Sa transmission intégrale lui donne une assurance exceptionnelle, et plus particulièrement dans les enchainements de virages où la précision du train avant et du châssis, en général, n’ont jamais été pris à défaut. On n’avait nul besoin de donner des coups de volants dans les virages, encore moins de lever le pied de l’accélérateur. Bien au contraire…

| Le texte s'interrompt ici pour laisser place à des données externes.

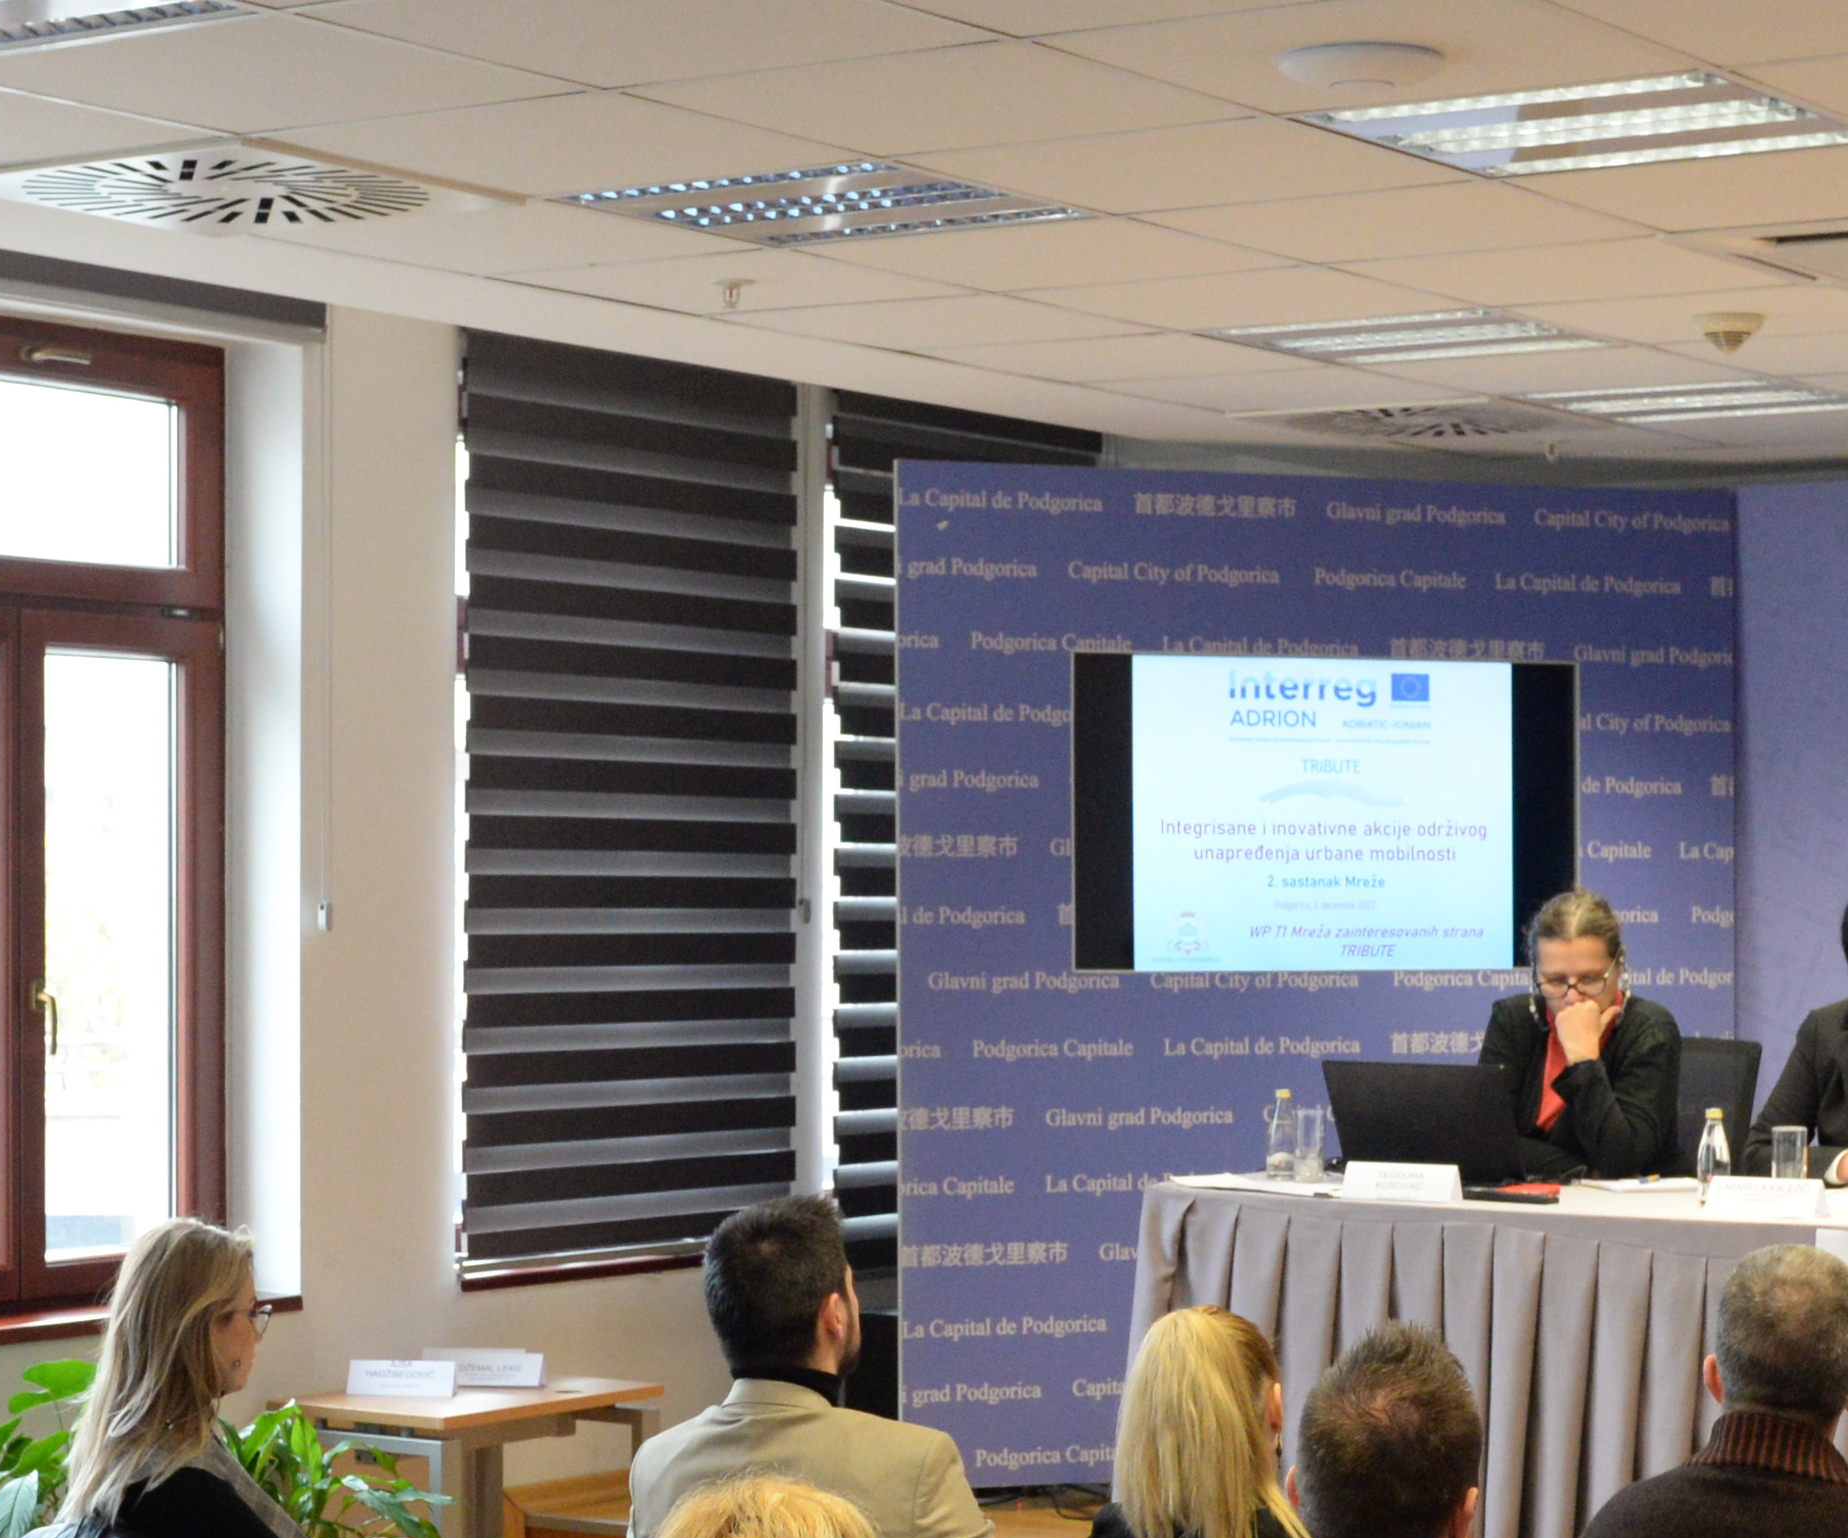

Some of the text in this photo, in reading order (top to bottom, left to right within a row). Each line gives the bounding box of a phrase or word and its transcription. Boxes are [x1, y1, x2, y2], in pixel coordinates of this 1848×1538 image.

[897, 487, 1103, 515] La Capital de Podgorica
[1326, 501, 1506, 527] Glavni grad Podgorica
[1534, 508, 1730, 534] Capital City of Podgorica
[907, 557, 1037, 581] grad Podgorica
[1068, 560, 1280, 587] Capital City of Podgorica
[1315, 567, 1466, 592] Podgorica Capitale
[1495, 572, 1681, 597] La Capital de Podgorica
[1229, 669, 1377, 707] Interreg
[1230, 710, 1316, 727] ADRION
[1302, 759, 1361, 774] TRIBUTE
[1160, 820, 1256, 838] Integrisane
[1273, 820, 1357, 836] inovativne
[1363, 821, 1411, 840] akcije
[1417, 820, 1488, 841] održivog
[1194, 845, 1456, 864] unapređenja urbane mobilnosti
[1282, 875, 1341, 888] sastanak
[1345, 875, 1385, 888] Mreže
[1250, 925, 1272, 939] WP
[1290, 924, 1332, 939] Mreža
[1335, 926, 1438, 939] zainteresovanih
[1442, 927, 1484, 939] strana
[1340, 945, 1396, 957] TRIBUTE
[928, 972, 1119, 994] Glavni grad Podgorica
[1150, 971, 1358, 993] Capital City of Podgorica
[973, 1039, 1133, 1062] Podgorica Capitale
[1164, 1036, 1361, 1059] La Capital de Podgorica
[1045, 1107, 1233, 1131] Glavni grad Podgorica
[902, 1315, 1107, 1341] La Capital de Podgorica
[912, 1382, 1042, 1408] grad Podgorica
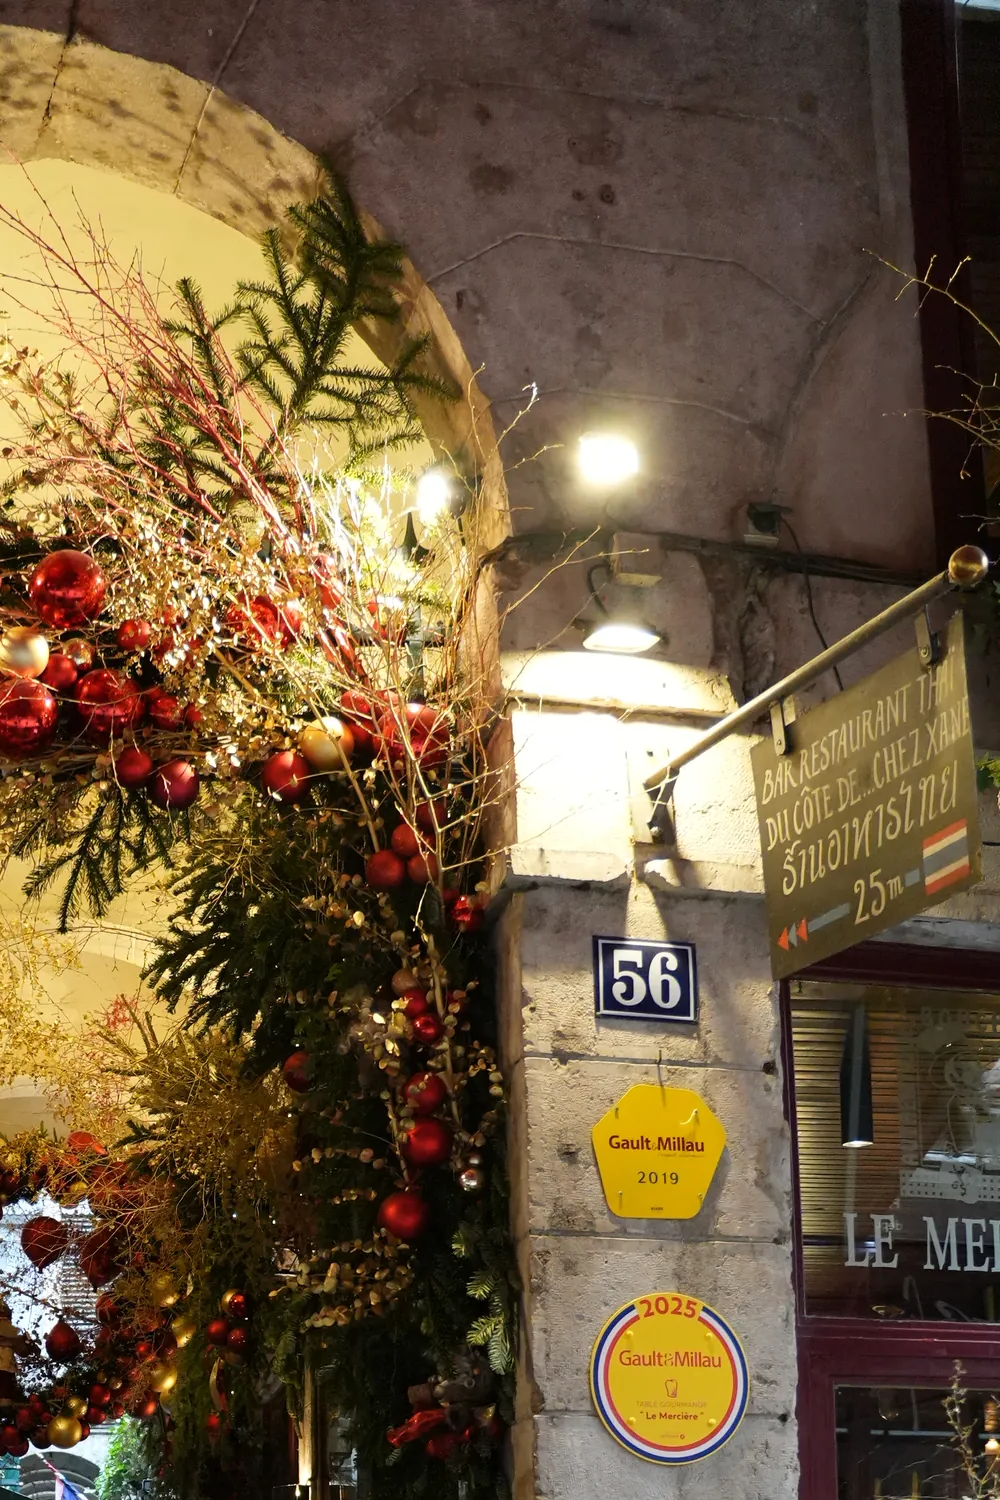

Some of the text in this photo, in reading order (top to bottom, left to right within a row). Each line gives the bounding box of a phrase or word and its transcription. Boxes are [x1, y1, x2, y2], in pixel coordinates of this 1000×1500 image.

Mais il faut savoir que la S3 se comporte, avant tout, comme une traction qui distribue dans certaines conditions la puissance et le couple aux roues arrière grâce à son différentiel central autobloquant.
Rien à redire concernant la sécurité. Tout y est avec 6 airbags, l’ensemble des aides électroniques (ABS, EBD, etc.). Pour le confort, on retiendra l’autoradio CD, l’aide au parking arrière, la climatisation automatique, les phares au xénon, l’allumage automatique des essuie-glaces et des phares ainsi que le régulateur de vitesse. C’est complet mais rien d’extraordinaire. 

Bien que les aides électroniques puissent être déconnectées, cela n’est que partiellement puisque au moindre freinage, l’ESP se remet en fonctionnement, ce qui  peut être frustrant pour les uns mais plutôt rassurant pour la majorité des conducteurs.
La direction est précise et très agréable à manier, alors que le freinage est, pour sa part, performant et particulièrement efficace malgré l’absence de dispositif high-tech comme des freins céramiques.
Malgré cette vocation sportive, la S3 arrive tout de même à préserver un bon confort. Le rabaissement de la hauteur de caisse de 2,5 cm ne complique pas la vie des passagers. 

Parfaitement équilibrée, la S3 tient très bien la route, en toutes circonstances. Et il faut croire qu’Audi a frappé fort avec ce modèle de 265 ch, muni d’une transmission intégrale qui permet d’exploiter au mieux les capacités de la voiture.